Sin embargo, su trayectoria hacia el estrellato profesional esconde una etapa de maduración compleja y dolorosa.

En una sincera conversación con el diario MARCA, enmarcada en su colaboración con la Fundación ColaCao dentro de la iniciativa de sensibilización contra el acoso escolar "Entrenando contra el bullying", el futbolista desvela cómo los comentarios dañinos que padeció de joven afectaron profundamente su bienestar emocional y social.

El jugador rememora con dolor aquellas mofas reiteradas referidas a su reducida estatura y complexión física. "Siempre había la broma de 'Fermín, el pequeñín'.

Al principio, te hace gracia y parece que la broma no te afecta porque no te lo tomas mal, pero ya cuando te lo dicen muchas veces sí que lo hace...", confiesa al evocar la transición en la que una mofa reiterada transmuta en hostigamiento.

Esta atmósfera de burla constante mermó su autoconfianza y perturbó su relación con el entorno, obligándolo a recluirse en sí mismo. Las secuelas psicológicas de ese asedio se tradujeron en aislamiento y una profunda desazón silenciosa:

"Esa situación te hace sentir inferior y te genera inseguridad. Ver que no llegas te hace sufrir. Te aislas también, de los compañeros. Pasé muchos momentos duros en la habitación. La angustia va por dentro."

Fermín López celebrando un gol junto a Lamine Yamal y Raphinha. Europa Press

Aunque su vocación nunca flaqueó, el menosprecio reiterado hacia su físico le arrastró a un abismo de dudas y frustración sobre sus propias capacidades.

Fermín explica que "muchas veces dudé de mí mismo porque tenía un hándicap que era mi físico, y veía que no podía hacer lo mismo que mis compañeros o que no llegaba a hacer el fútbol que a mí me gustaba. Y, entonces, fue un momento de gran frustración".

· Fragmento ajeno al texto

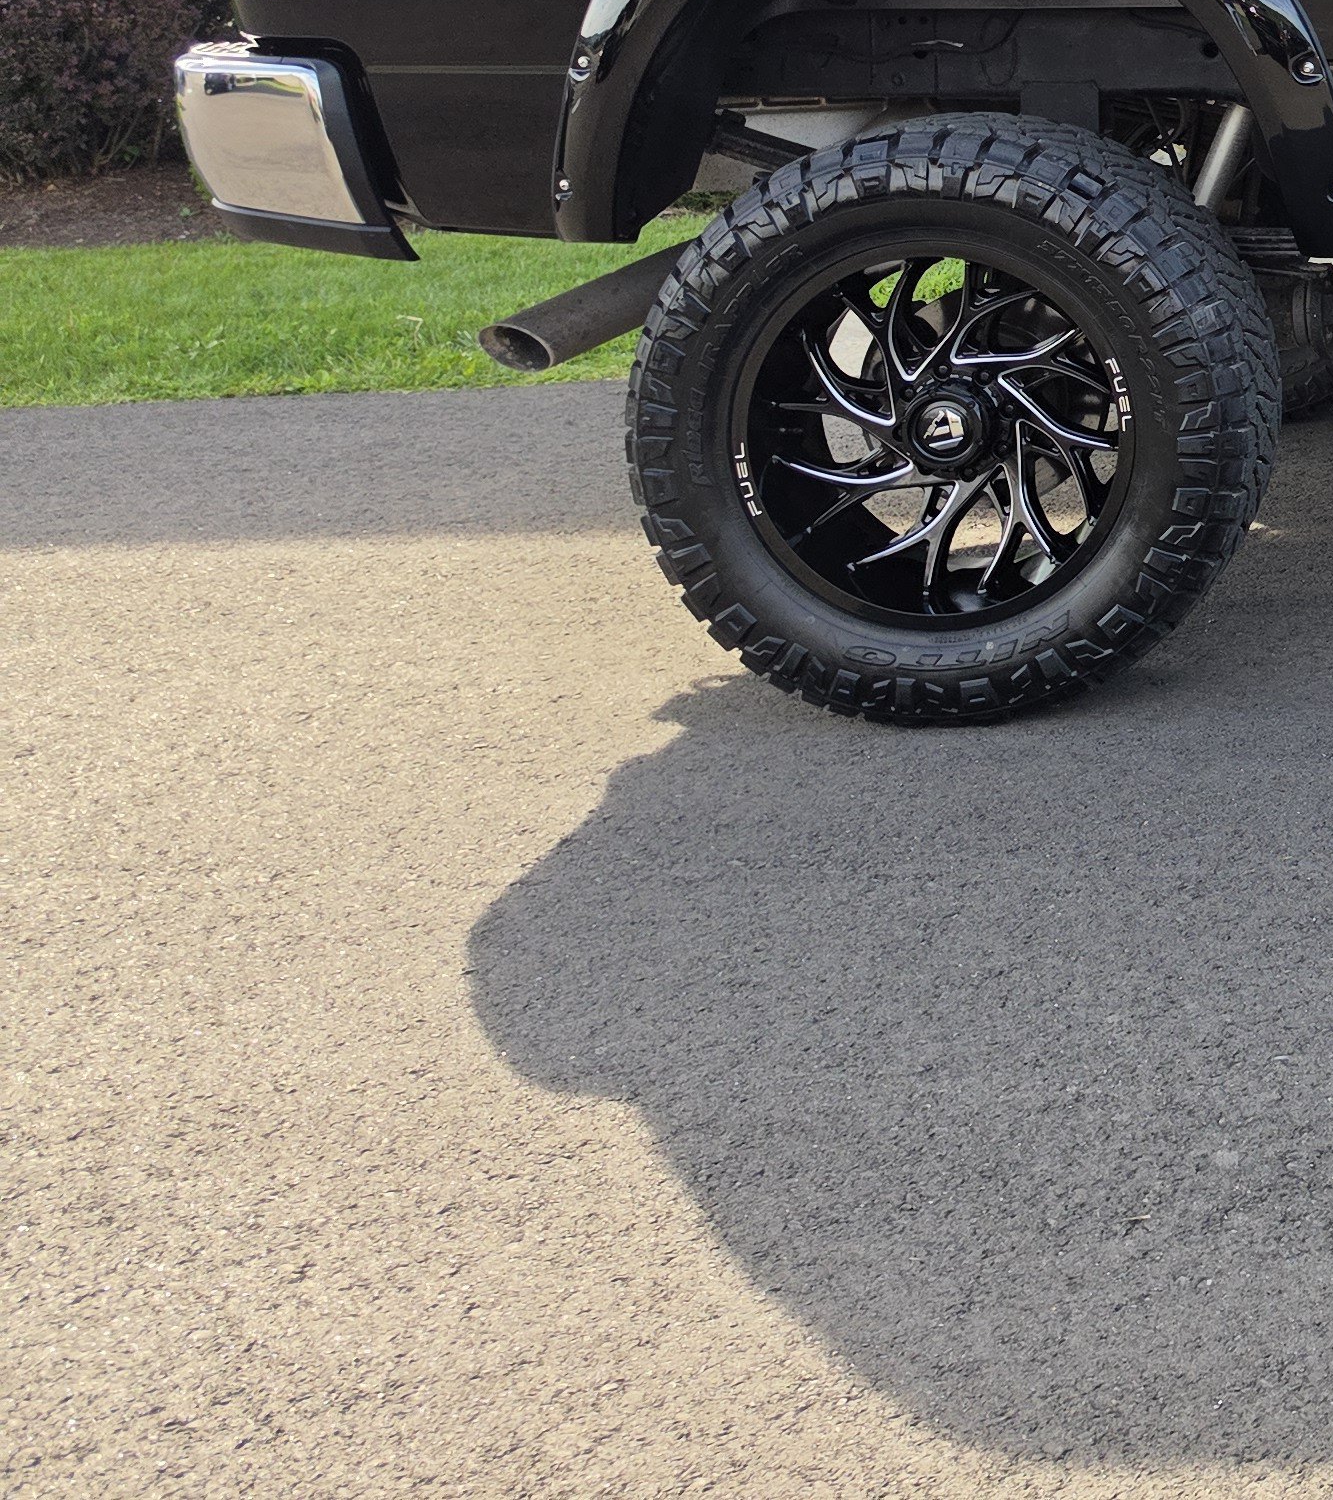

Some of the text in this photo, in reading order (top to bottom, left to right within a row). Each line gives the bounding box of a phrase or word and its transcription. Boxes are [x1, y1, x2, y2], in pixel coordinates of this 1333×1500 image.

[1104, 357, 1133, 432] FUEL
[733, 442, 763, 517] FUEL
[845, 609, 1071, 672] NITTO

Para resistir este bache, resultó vital el amparo incondicional de sus padres y el ambiente protector brindado en La Masía.

Hoy, erigido en referente para la infancia, el jugador envía un mensaje de resistencia a las víctimas, animándolas a romper el silencio y buscar auxilio:

"A un niño que sufra acoso le aconsejaría que escuche y haga caso sólo a la gente que le quiere de verdad. Y también le diría que sobre todo exteriorice todos los problemas o pensamientos negativos que tenga para que le puedan ayudar".

Asimismo, apela directamente a la empatía del agresor, reclamando respeto y un cambio de conducta: "Al que acosa le diría que tuviera un poco de empatía, porque puede ser que le esté pareciendo una simple broma o burla, pero no sabe cómo le va a afectar a la otra persona".

De este modo, su voz se alza con firmeza contra esta lacra social en busca de empatía y educación en valores.